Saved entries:
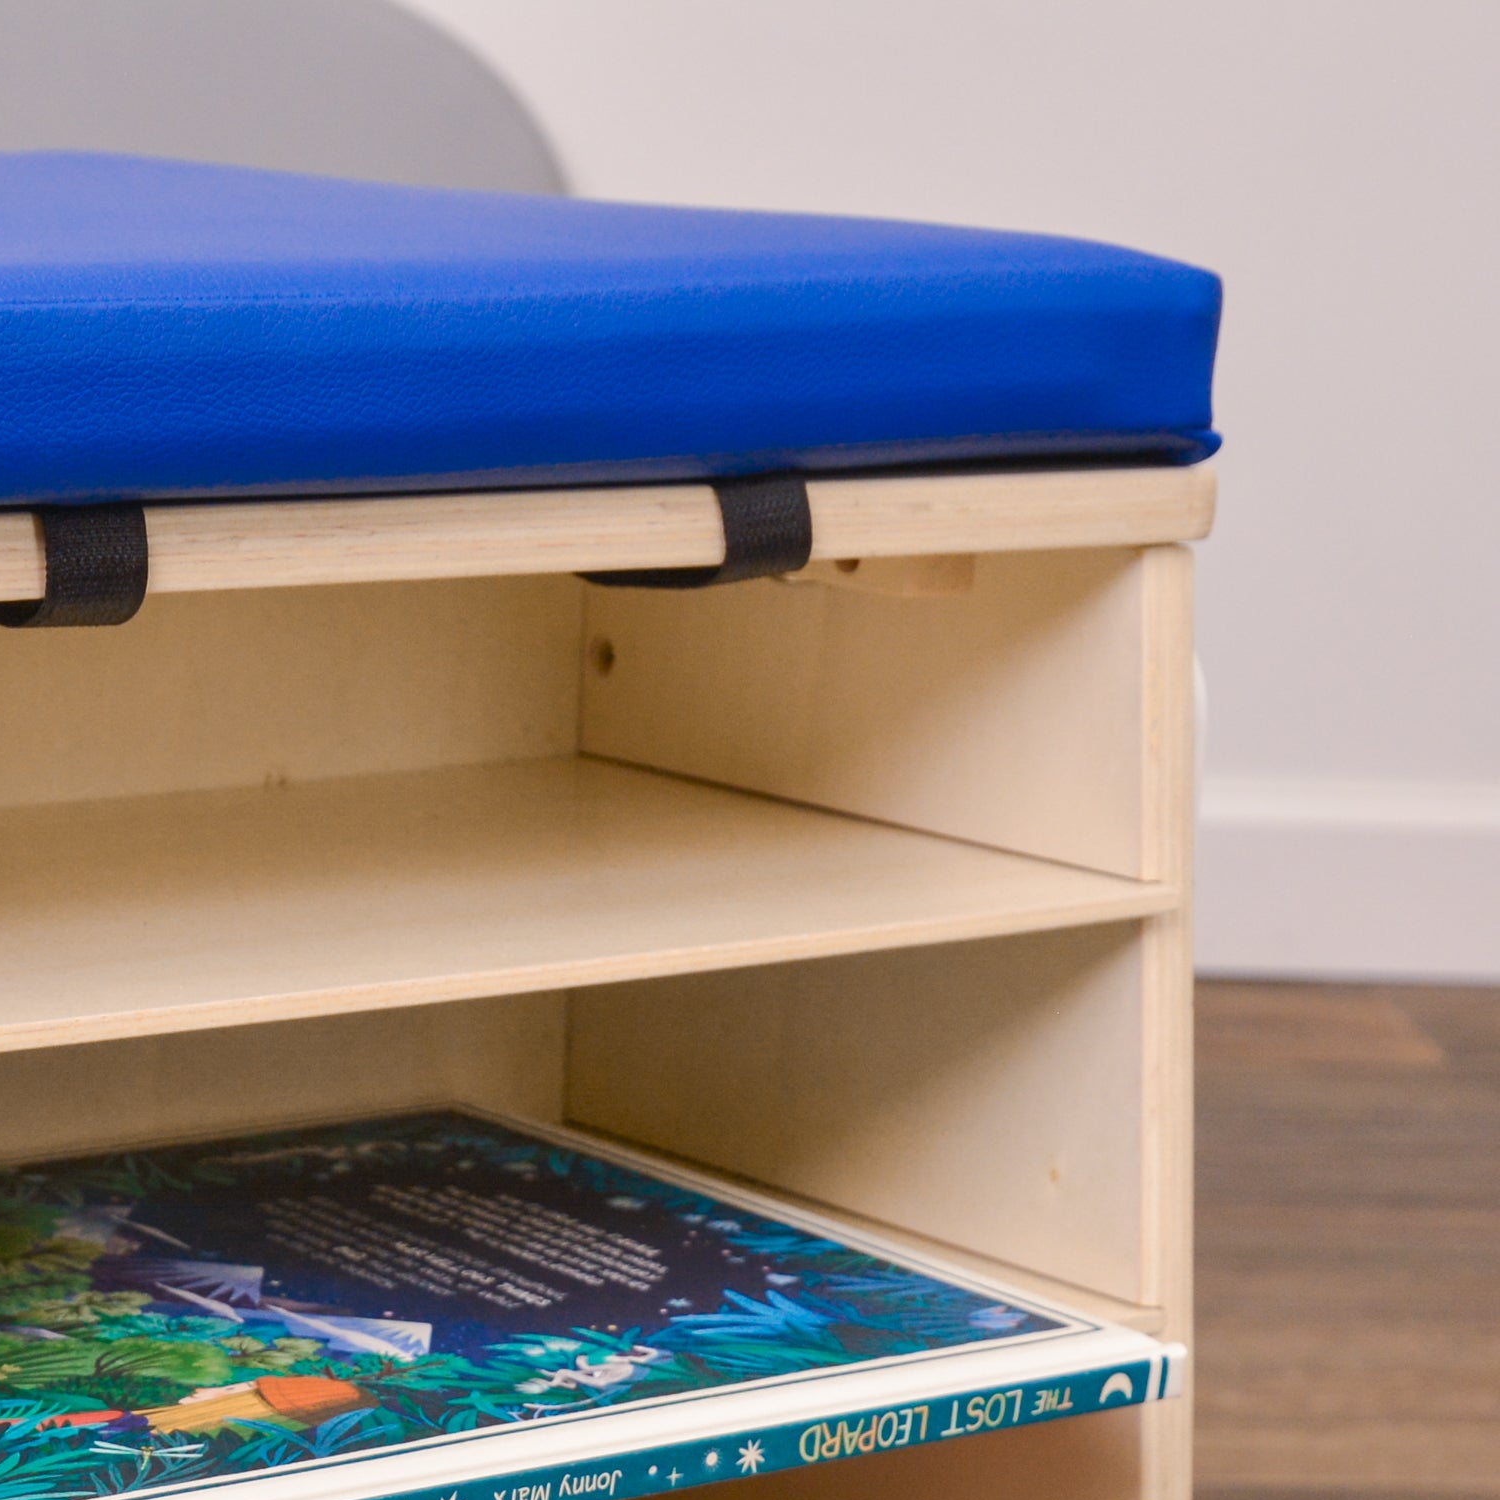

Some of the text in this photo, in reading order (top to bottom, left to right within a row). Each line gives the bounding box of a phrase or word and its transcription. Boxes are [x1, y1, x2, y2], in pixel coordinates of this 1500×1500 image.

[799, 1385, 1075, 1464] THE LOST LEOPARD
[558, 1468, 623, 1498] Jonny
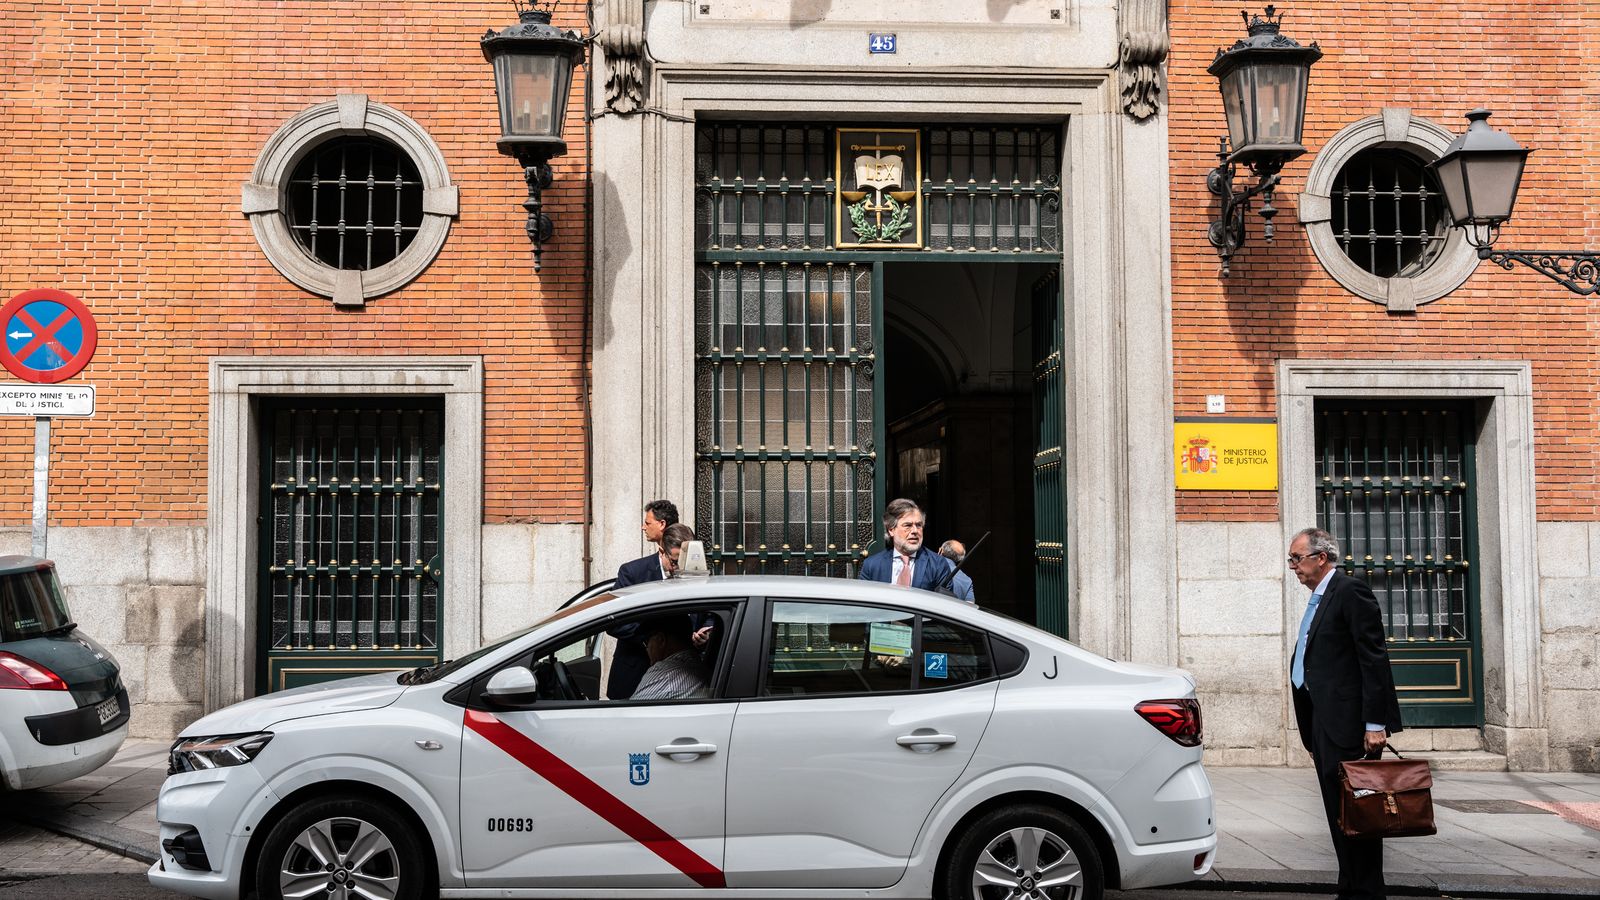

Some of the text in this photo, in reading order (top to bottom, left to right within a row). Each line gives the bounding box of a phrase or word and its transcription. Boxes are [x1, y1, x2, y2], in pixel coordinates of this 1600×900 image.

[872, 36, 893, 50] 45
[865, 162, 895, 181] LEX
[1236, 457, 1269, 466] JUSTICIA
[1043, 656, 1058, 679] J
[488, 818, 533, 832] 00693
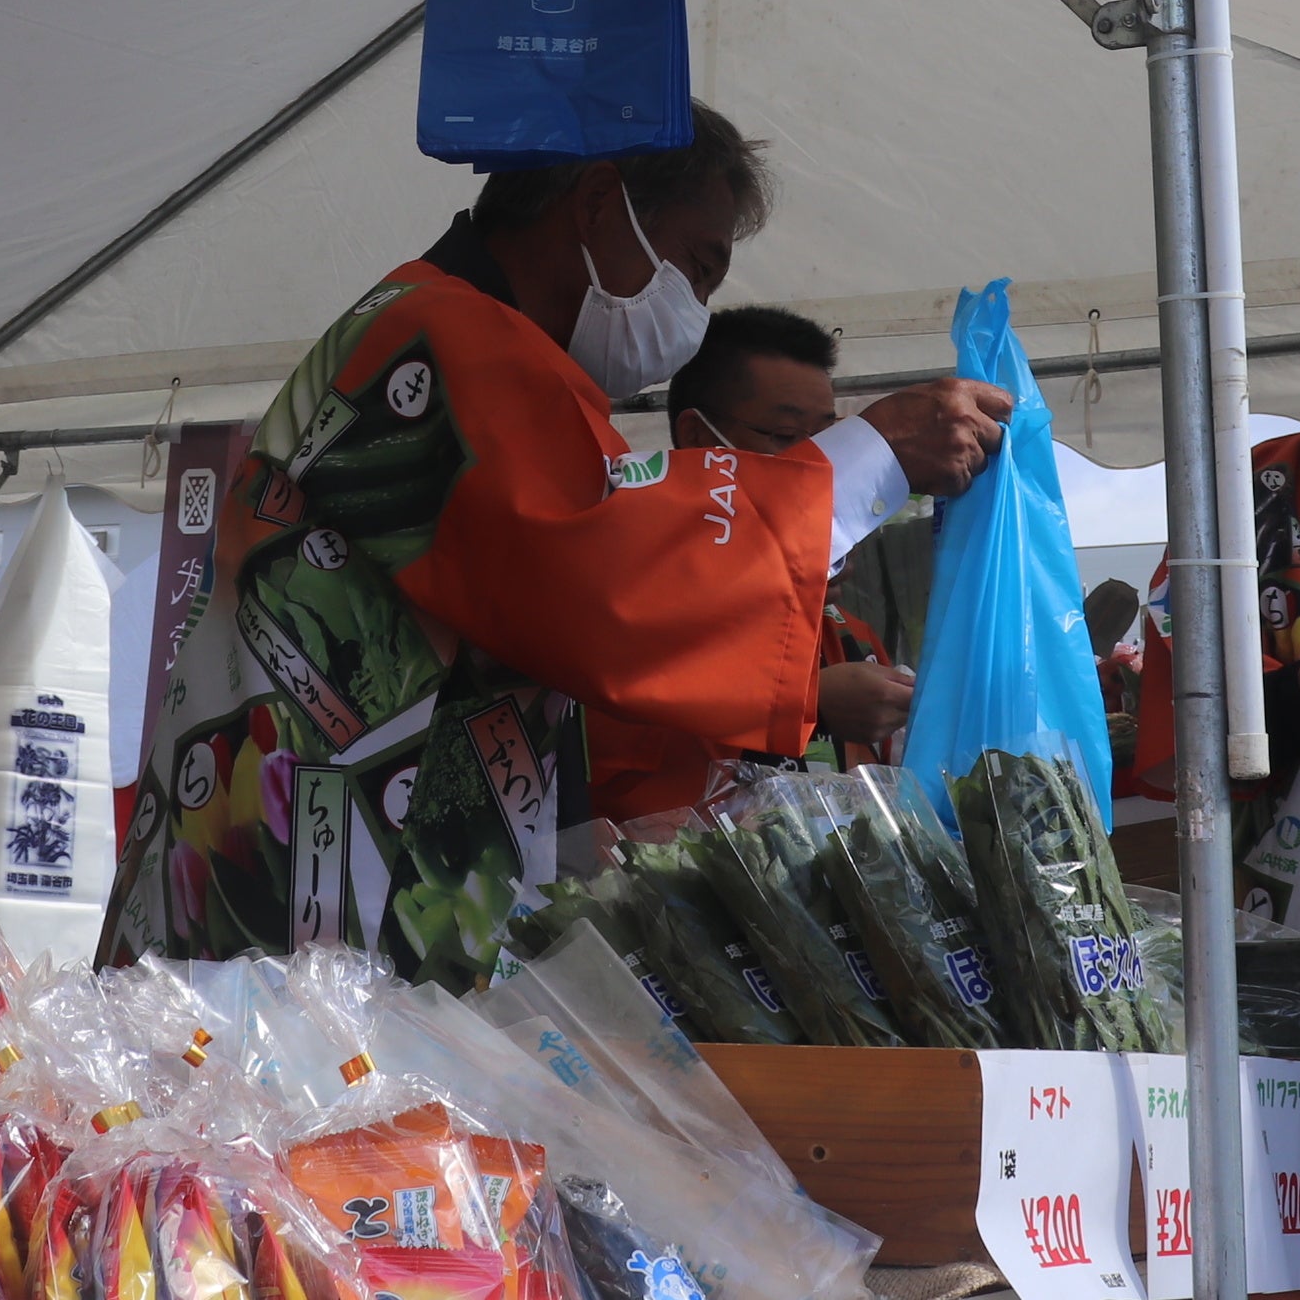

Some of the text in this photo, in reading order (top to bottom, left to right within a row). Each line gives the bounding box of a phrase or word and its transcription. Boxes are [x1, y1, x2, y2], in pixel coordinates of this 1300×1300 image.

[943, 946, 994, 1008] ほ
[1029, 1085, 1071, 1121] トマト
[1021, 1193, 1092, 1268] ¥200

Task details: Your answer must be the line containing "this 1300×1300 image." and every line after it through the end of the records above, reproduced exactly and alone.

Task answer:
Some of the text in this photo, in reading order (top to bottom, left to right within a row). Each line gives the bounding box of a phrase or word and its transcription. Boxes are [x1, y1, x2, y2], in pixel coordinates of this 1300×1300 image.

[943, 946, 994, 1008] ほ
[1029, 1085, 1071, 1121] トマト
[1021, 1193, 1092, 1268] ¥200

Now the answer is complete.